Free-text object descriptions:
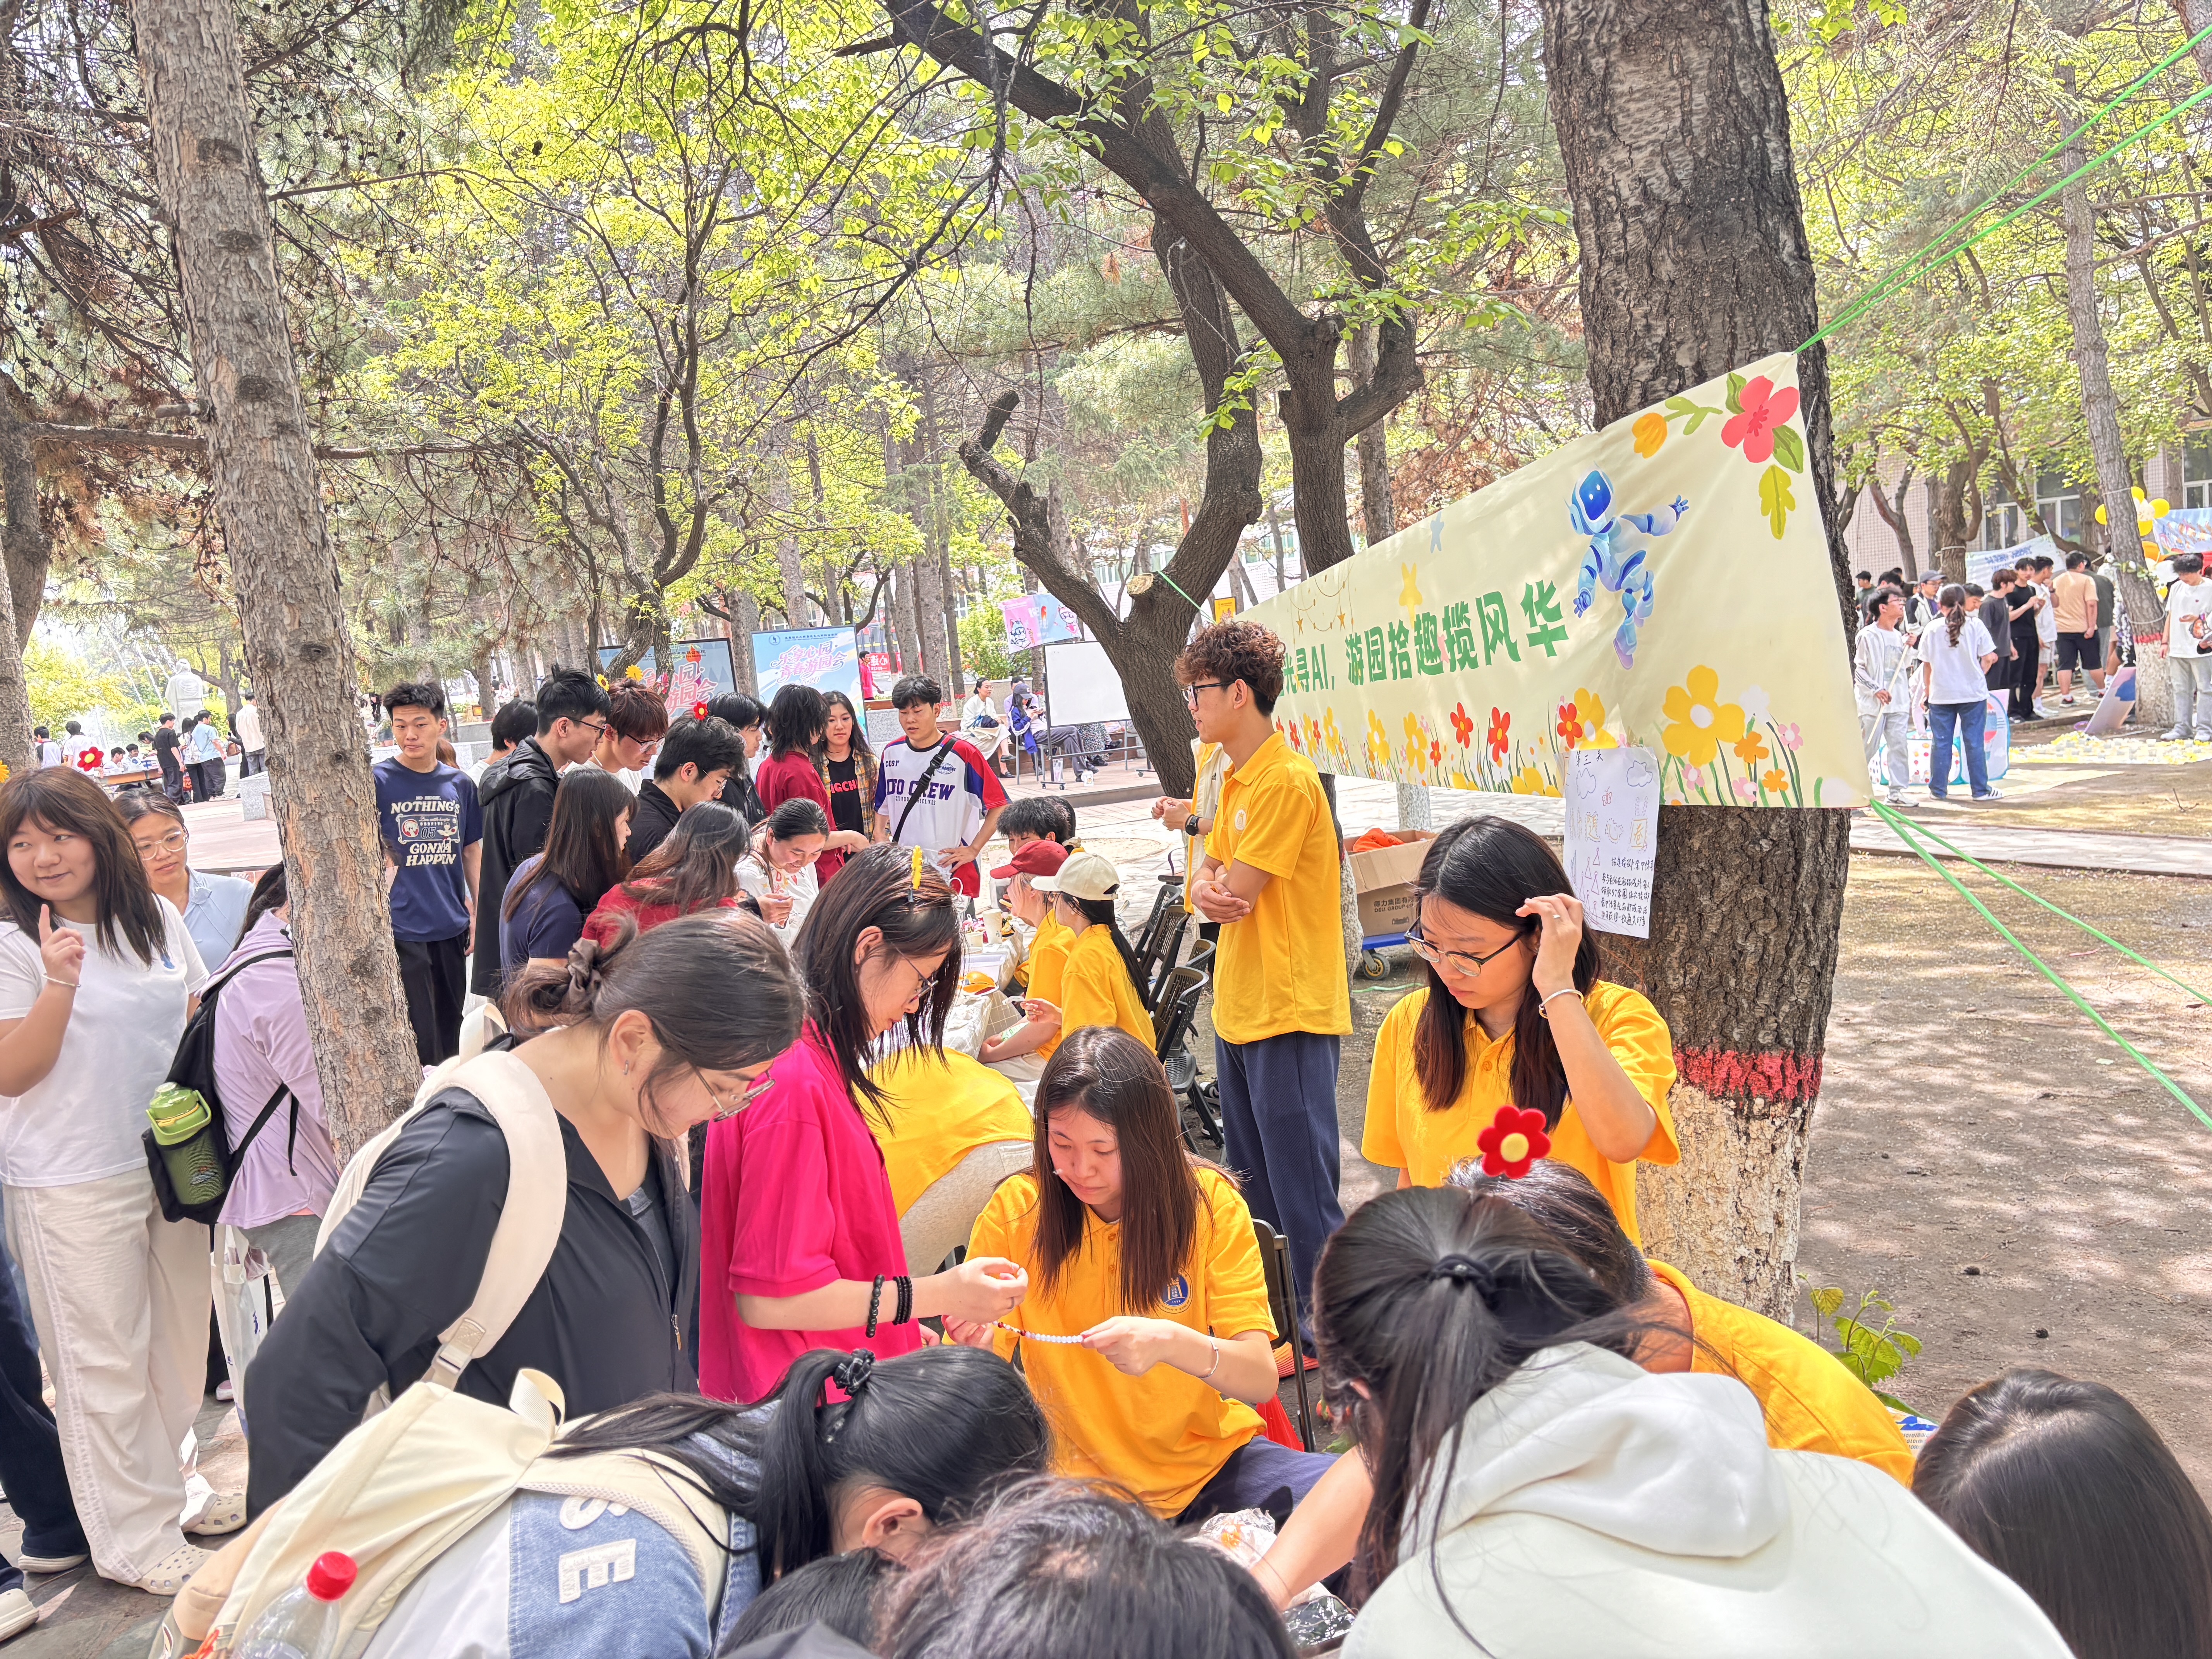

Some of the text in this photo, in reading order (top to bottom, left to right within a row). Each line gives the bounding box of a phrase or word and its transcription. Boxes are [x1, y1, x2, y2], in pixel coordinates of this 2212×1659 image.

[1279, 580, 1569, 697] 光寻AI，游园拾趣揽风华
[771, 641, 832, 667] 乐享心园
[777, 652, 847, 683] 青春游园会
[887, 779, 955, 801] DO CEW
[391, 800, 460, 814] NOTHING'S
[421, 827, 436, 839] 05
[409, 843, 452, 854] GONNA
[405, 854, 457, 866] HAPPEN
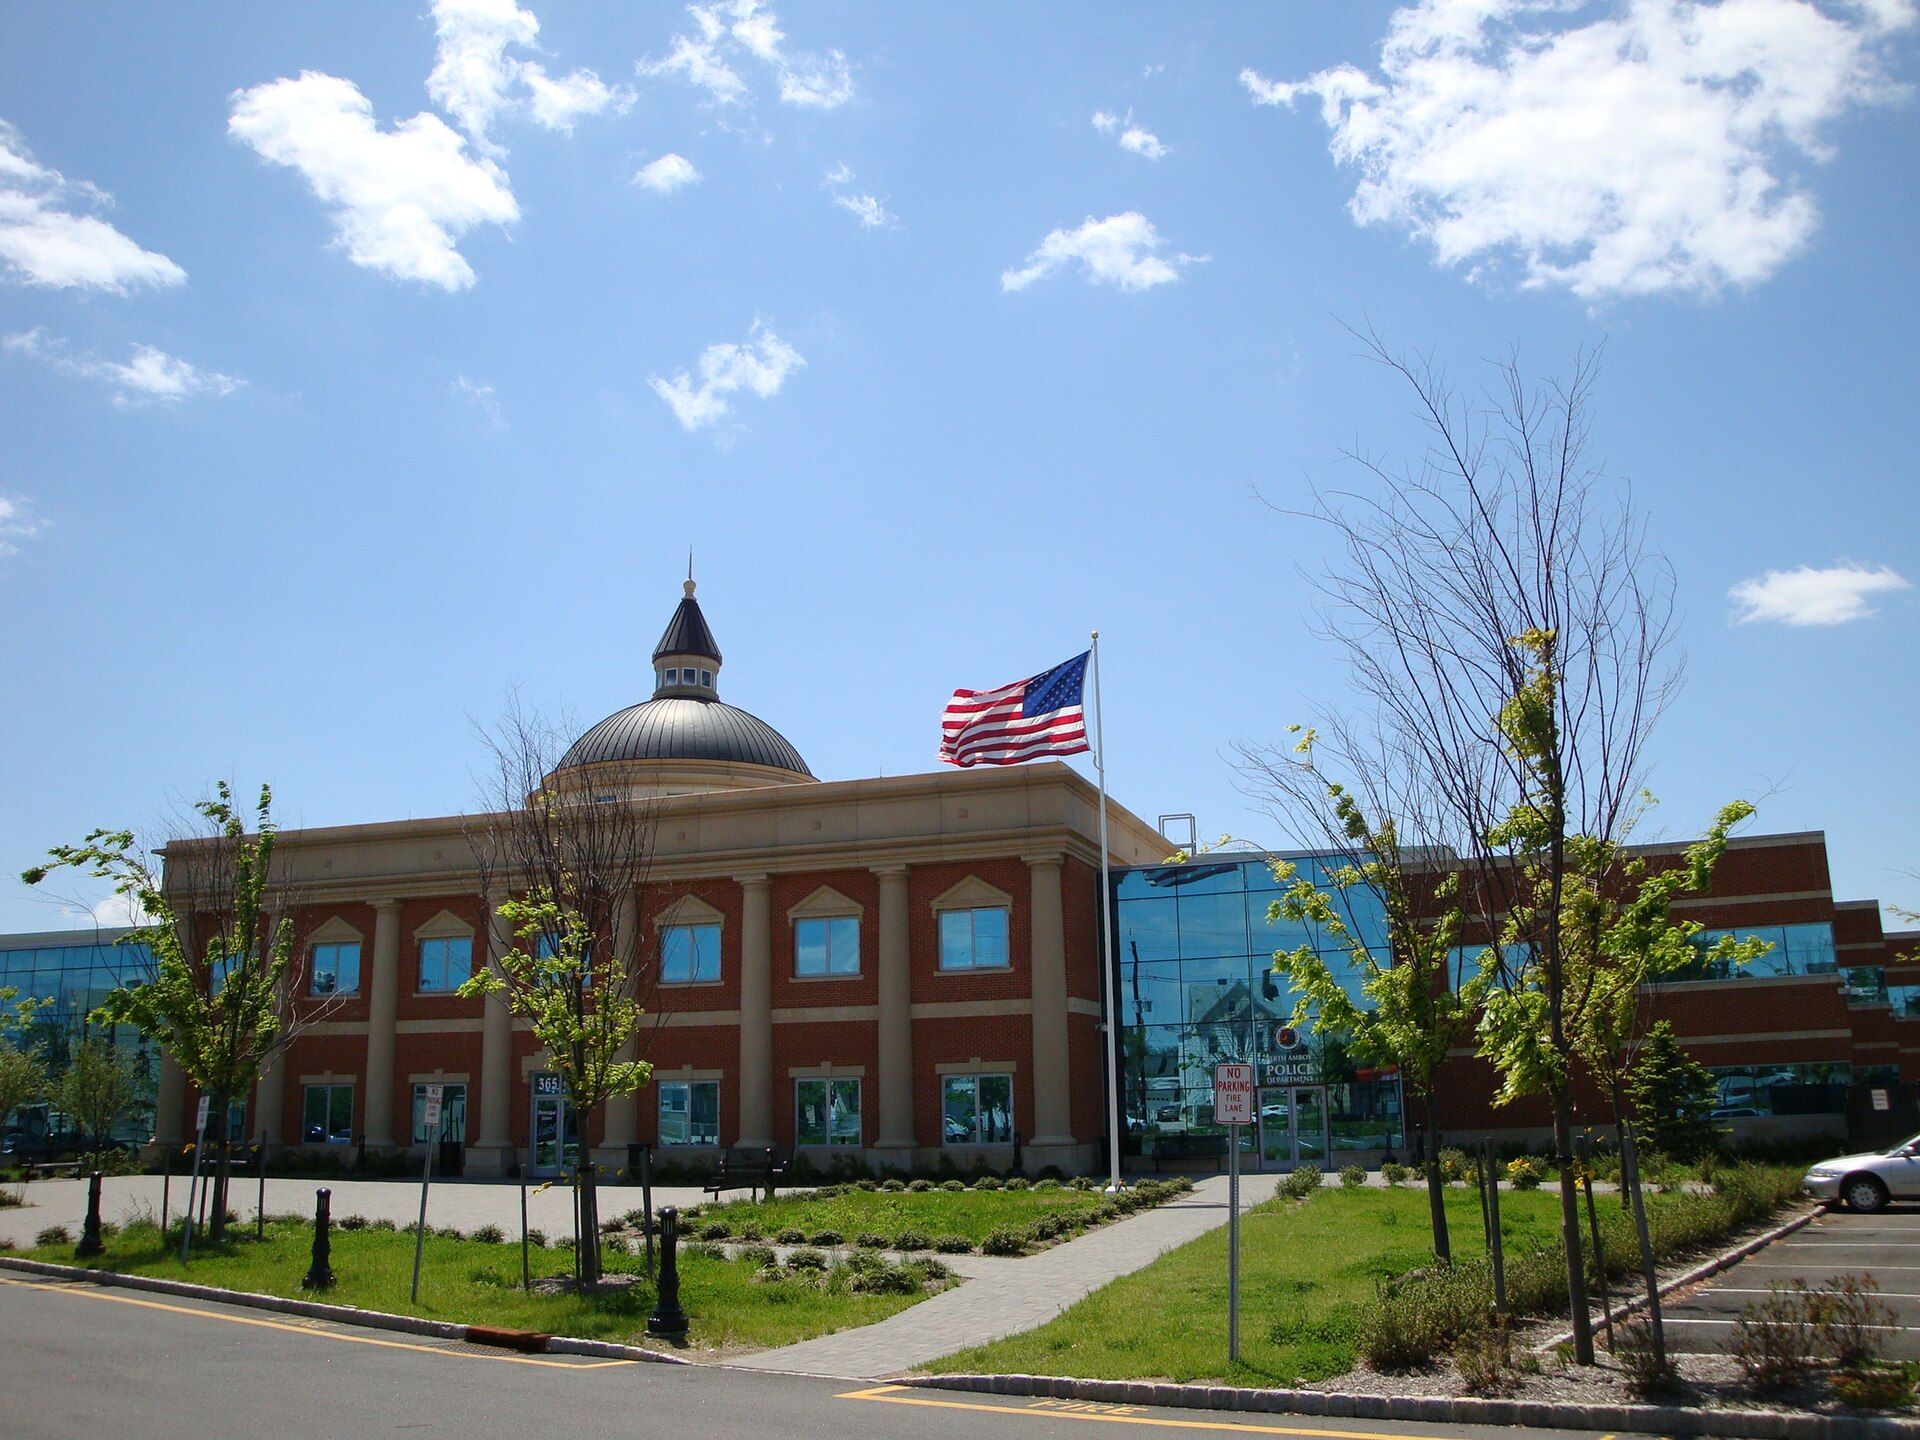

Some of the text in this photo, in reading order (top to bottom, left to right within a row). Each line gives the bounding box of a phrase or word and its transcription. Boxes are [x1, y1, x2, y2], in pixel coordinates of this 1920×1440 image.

[1227, 1068, 1241, 1078] NO
[1266, 1064, 1314, 1076] POLICE
[538, 1077, 558, 1091] 365
[1267, 1076, 1313, 1084] DEPARTMENT
[1218, 1081, 1250, 1092] PARKING
[1226, 1094, 1242, 1102] FIRE
[1225, 1104, 1243, 1112] LANE
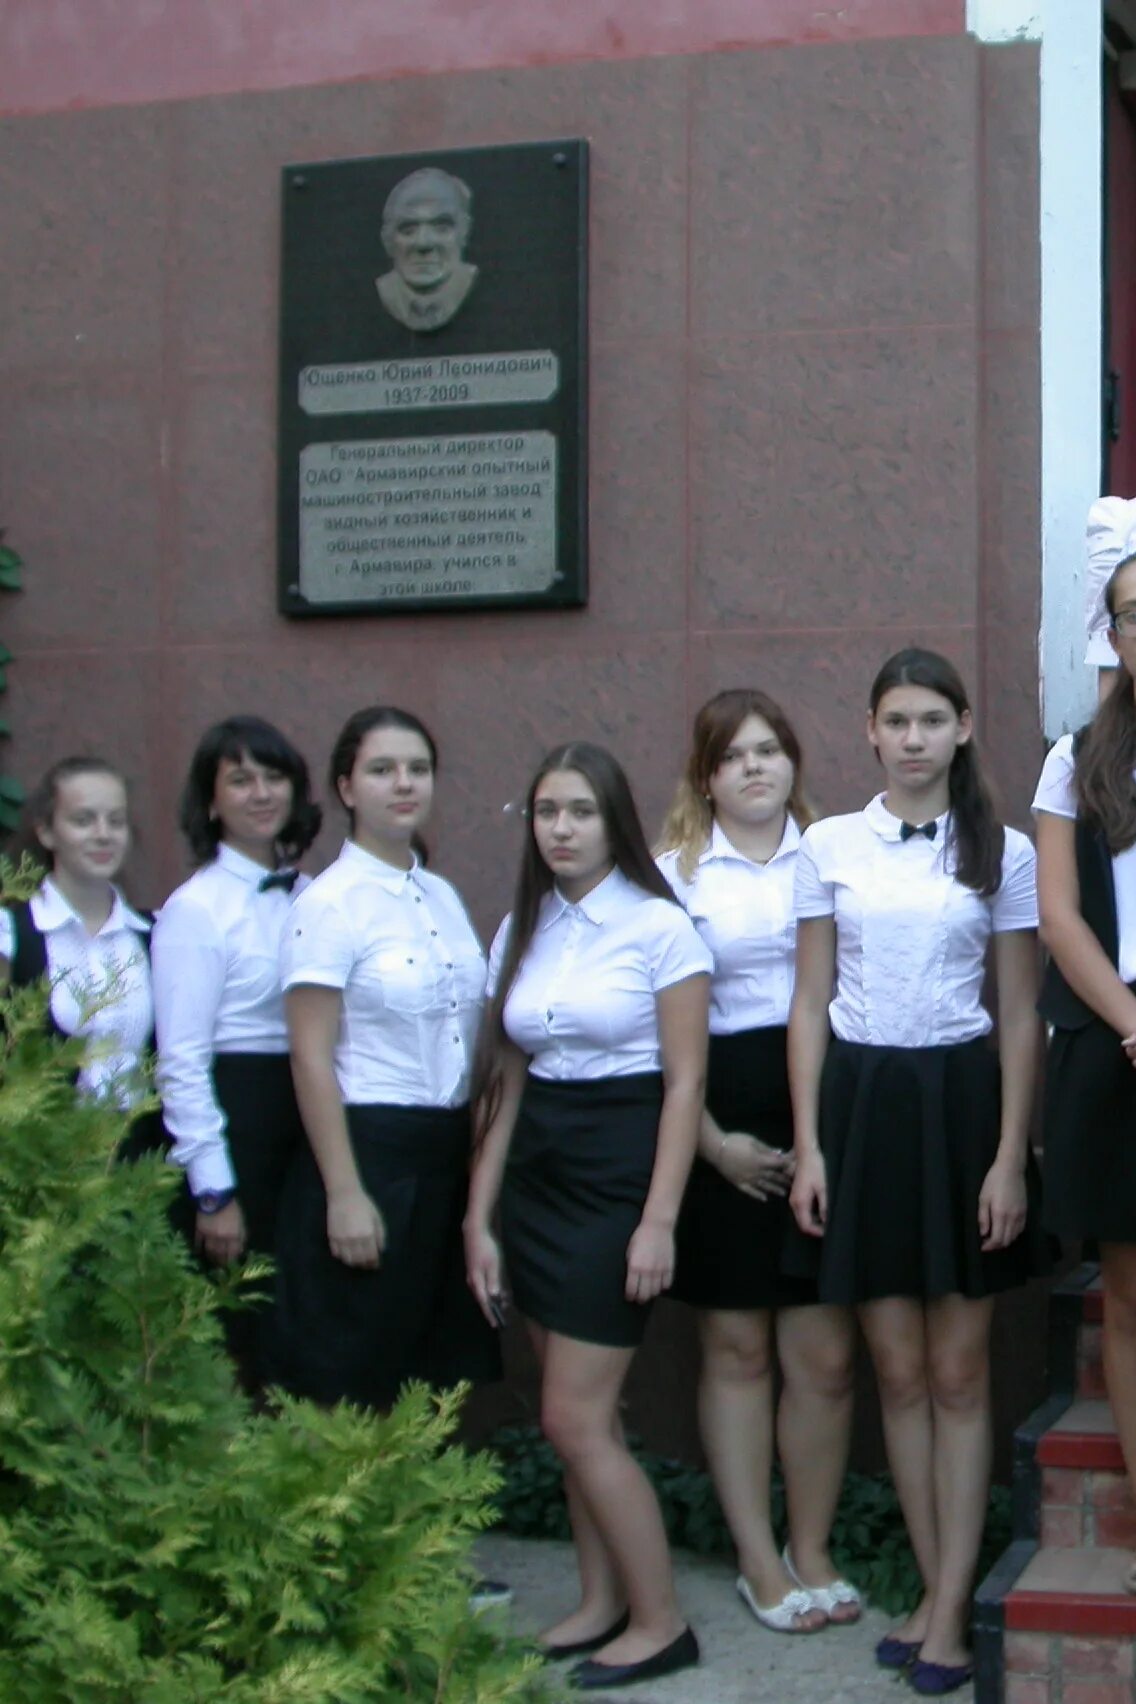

-- Task objective --
Reproduce the data exactly as it appears above. Pictures are to be left out.

-- Exercise result --
Some of the text in this photo, in reading order (top to bottom, left to right within a row). Each line gives the bounding box of a phrase or word and its transcription. Boxes are [x1, y1, x2, y2], in pixel coordinates of this 2212×1659 image.

[1279, 580, 1569, 697] 光寻AI，游园拾趣揽风华
[771, 641, 832, 667] 乐享心园
[777, 652, 847, 683] 青春游园会
[887, 779, 955, 801] DO CEW
[391, 800, 460, 814] NOTHING'S
[421, 827, 436, 839] 05
[409, 843, 452, 854] GONNA
[405, 854, 457, 866] HAPPEN

Some of the text in this photo, in reading order (top to bottom, left to right within a row). Each line gives the bounding box of a phrase or word and its transcription. Boxes are [x1, y1, x2, y2], in pixel coordinates of this 1920×1440 image.

[1227, 1068, 1241, 1078] NO
[1266, 1064, 1314, 1076] POLICE
[538, 1077, 558, 1091] 365
[1267, 1076, 1313, 1084] DEPARTMENT
[1218, 1081, 1250, 1092] PARKING
[1226, 1094, 1242, 1102] FIRE
[1225, 1104, 1243, 1112] LANE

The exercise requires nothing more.